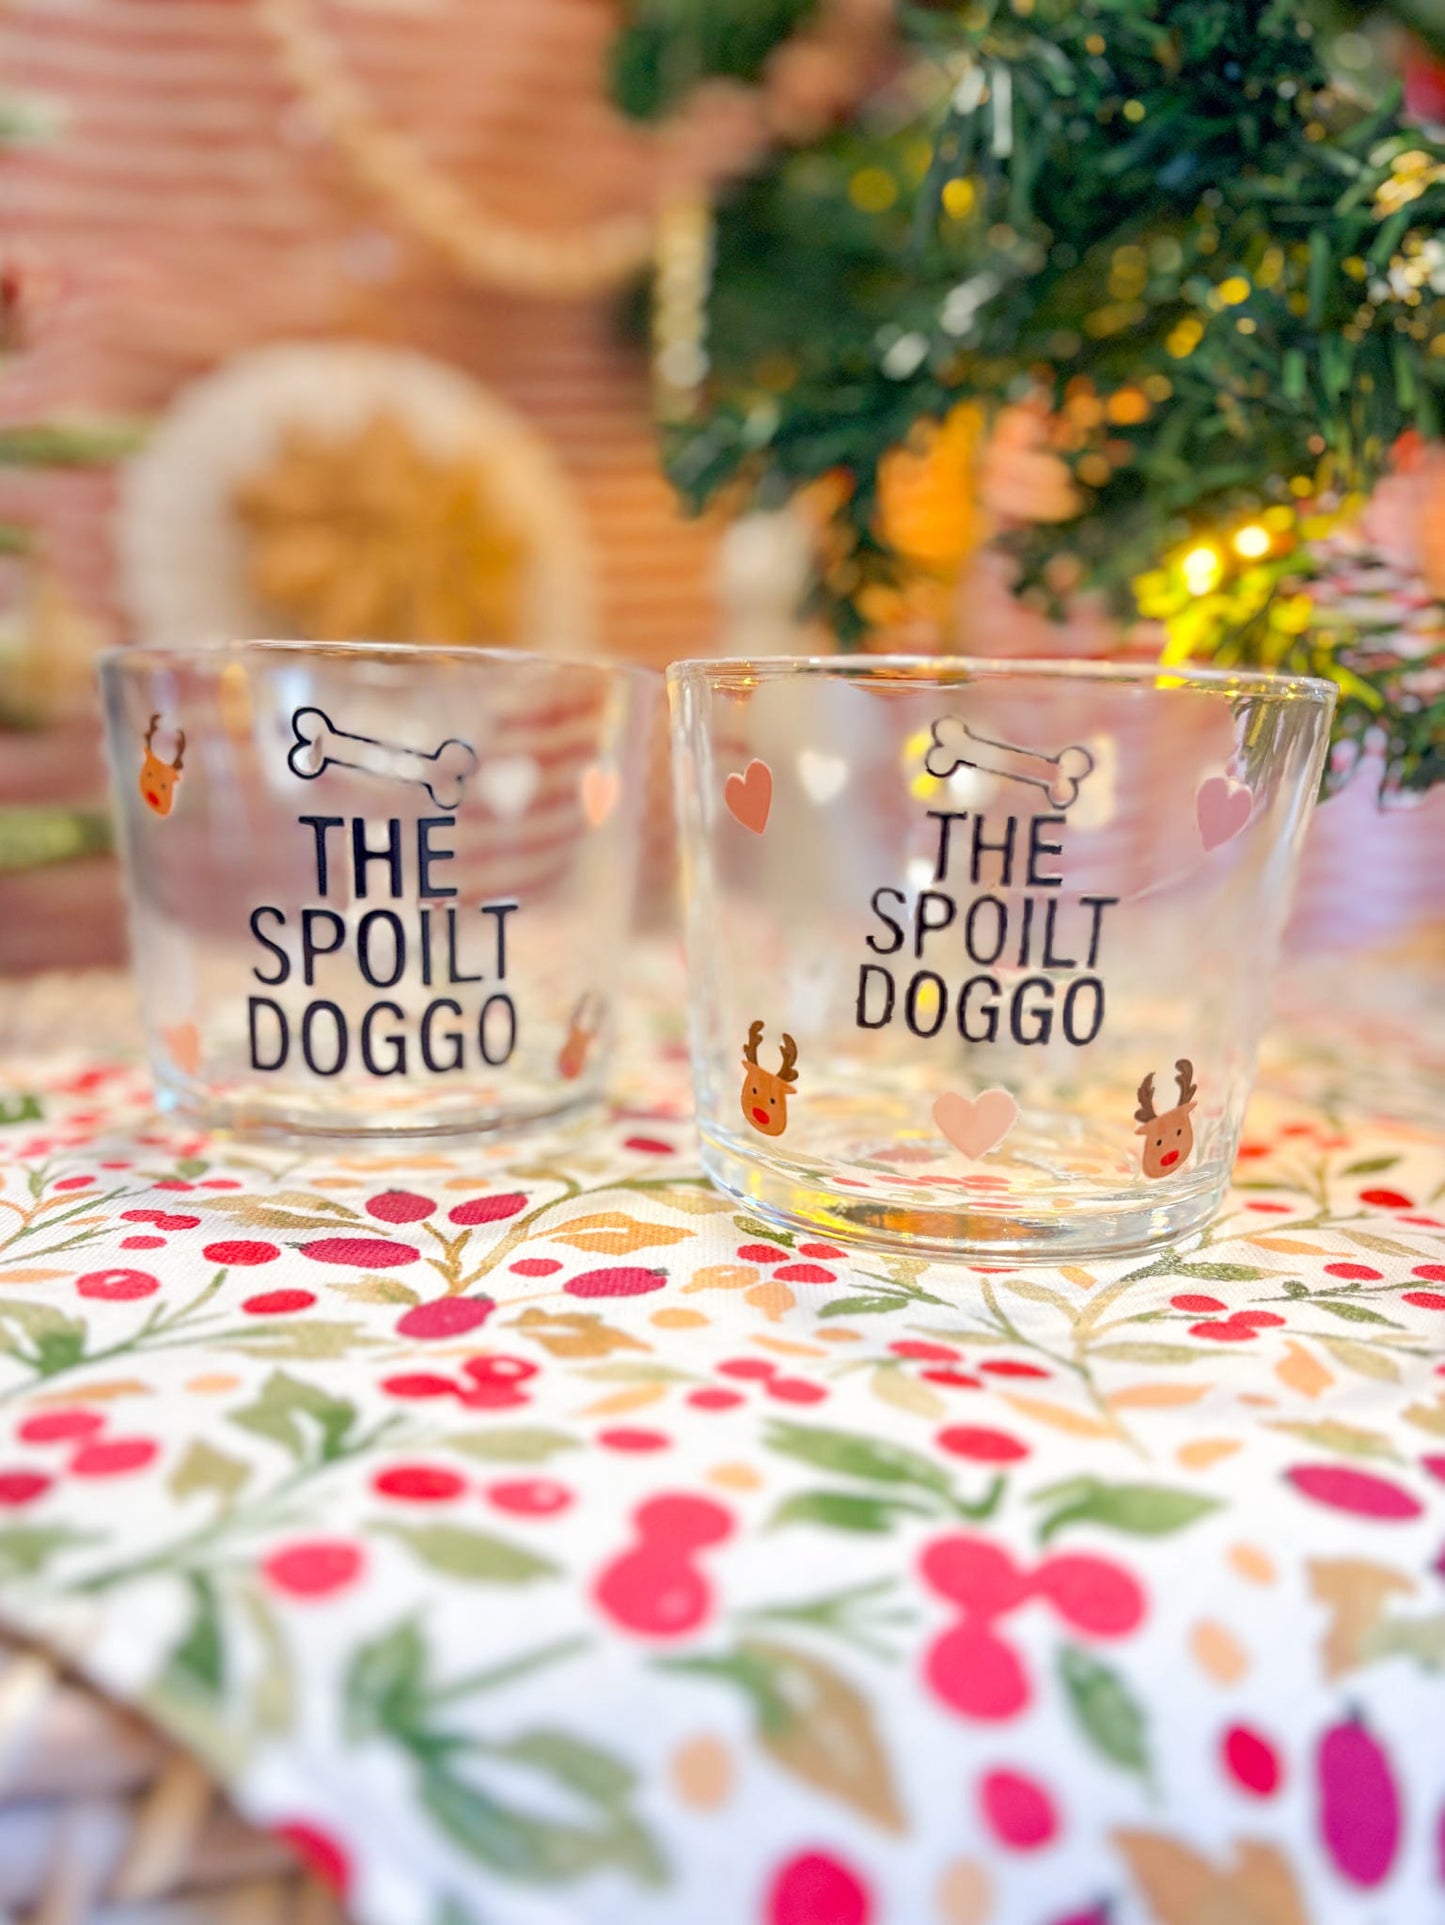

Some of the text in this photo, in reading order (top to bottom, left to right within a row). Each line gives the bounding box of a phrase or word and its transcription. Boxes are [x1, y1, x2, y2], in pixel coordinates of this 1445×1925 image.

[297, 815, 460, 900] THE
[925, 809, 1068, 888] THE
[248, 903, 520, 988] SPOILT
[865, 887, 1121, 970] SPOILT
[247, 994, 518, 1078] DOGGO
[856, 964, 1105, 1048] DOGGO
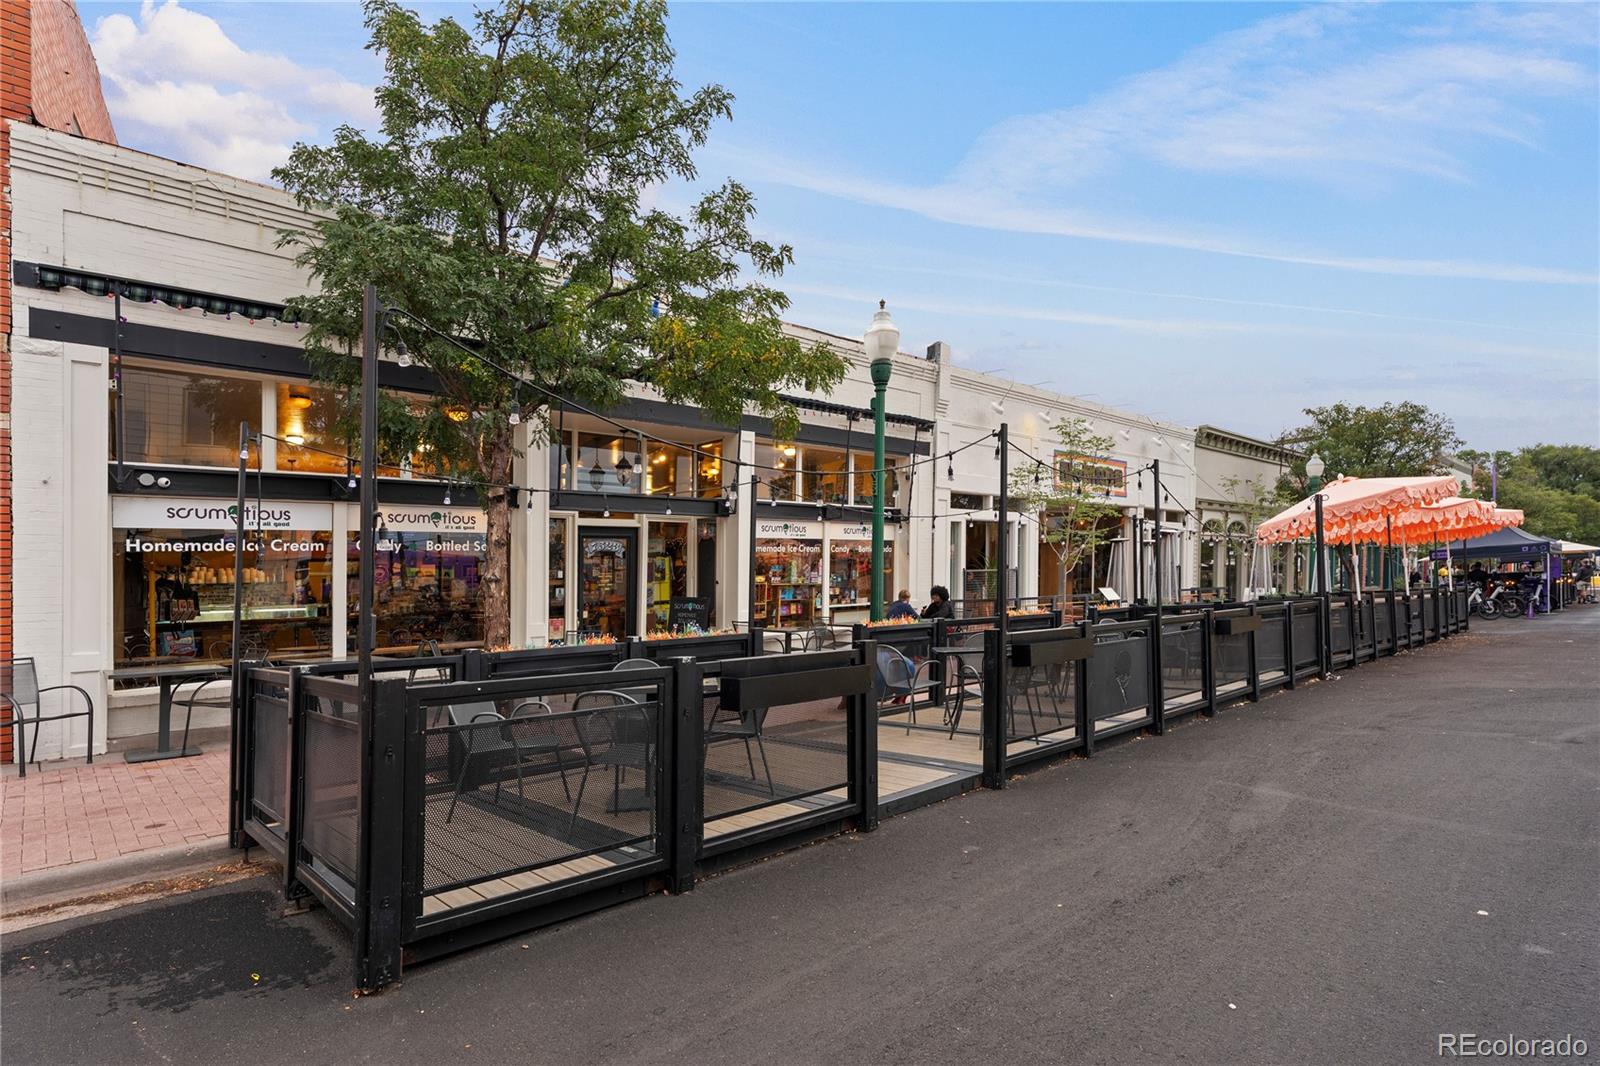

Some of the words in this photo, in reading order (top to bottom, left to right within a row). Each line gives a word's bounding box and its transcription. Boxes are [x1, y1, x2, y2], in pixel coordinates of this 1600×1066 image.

=======

AIM OF THE TASK:
Transcribe the records above verbatim. Do not carry over any picture.

RESPONSE TO THIS TASK:
Some of the text in this photo, in reading order (top to bottom, left to right within a row). Each line gives the bounding box of a phrase or word and its transcription. Boxes are [x1, y1, x2, y2], in pixel coordinates of this 1445×1925 image.

[297, 815, 460, 900] THE
[925, 809, 1068, 888] THE
[248, 903, 520, 988] SPOILT
[865, 887, 1121, 970] SPOILT
[247, 994, 518, 1078] DOGGO
[856, 964, 1105, 1048] DOGGO

Some of the words in this photo, in reading order (top to bottom, left to right within a row). Each line gives a word's bounding box and its transcription. Boxes are [x1, y1, x2, y2], in pixel coordinates of this 1600×1066 image.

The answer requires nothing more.